-------- Task material

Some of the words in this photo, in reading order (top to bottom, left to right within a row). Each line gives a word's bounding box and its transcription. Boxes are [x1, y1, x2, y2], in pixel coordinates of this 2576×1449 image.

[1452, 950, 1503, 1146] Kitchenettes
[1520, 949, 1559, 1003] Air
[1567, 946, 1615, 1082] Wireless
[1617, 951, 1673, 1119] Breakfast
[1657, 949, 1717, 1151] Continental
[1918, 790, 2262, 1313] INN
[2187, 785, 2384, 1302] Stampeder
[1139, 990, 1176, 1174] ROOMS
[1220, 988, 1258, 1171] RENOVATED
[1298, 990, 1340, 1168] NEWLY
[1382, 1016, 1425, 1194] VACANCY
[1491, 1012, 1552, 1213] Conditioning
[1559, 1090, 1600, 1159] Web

----------------

_Work request_
Once you have read the entries, reproduce each one exactly.

_Solved problem_
Some of the words in this photo, in reading order (top to bottom, left to right within a row). Each line gives a word's bounding box and its transcription. Boxes are [x1, y1, x2, y2], in pixel coordinates of this 2576×1449 image.

[1452, 950, 1503, 1146] Kitchenettes
[1520, 949, 1559, 1003] Air
[1567, 946, 1615, 1082] Wireless
[1617, 951, 1673, 1119] Breakfast
[1657, 949, 1717, 1151] Continental
[1918, 790, 2262, 1313] INN
[2187, 785, 2384, 1302] Stampeder
[1139, 990, 1176, 1174] ROOMS
[1220, 988, 1258, 1171] RENOVATED
[1298, 990, 1340, 1168] NEWLY
[1382, 1016, 1425, 1194] VACANCY
[1491, 1012, 1552, 1213] Conditioning
[1559, 1090, 1600, 1159] Web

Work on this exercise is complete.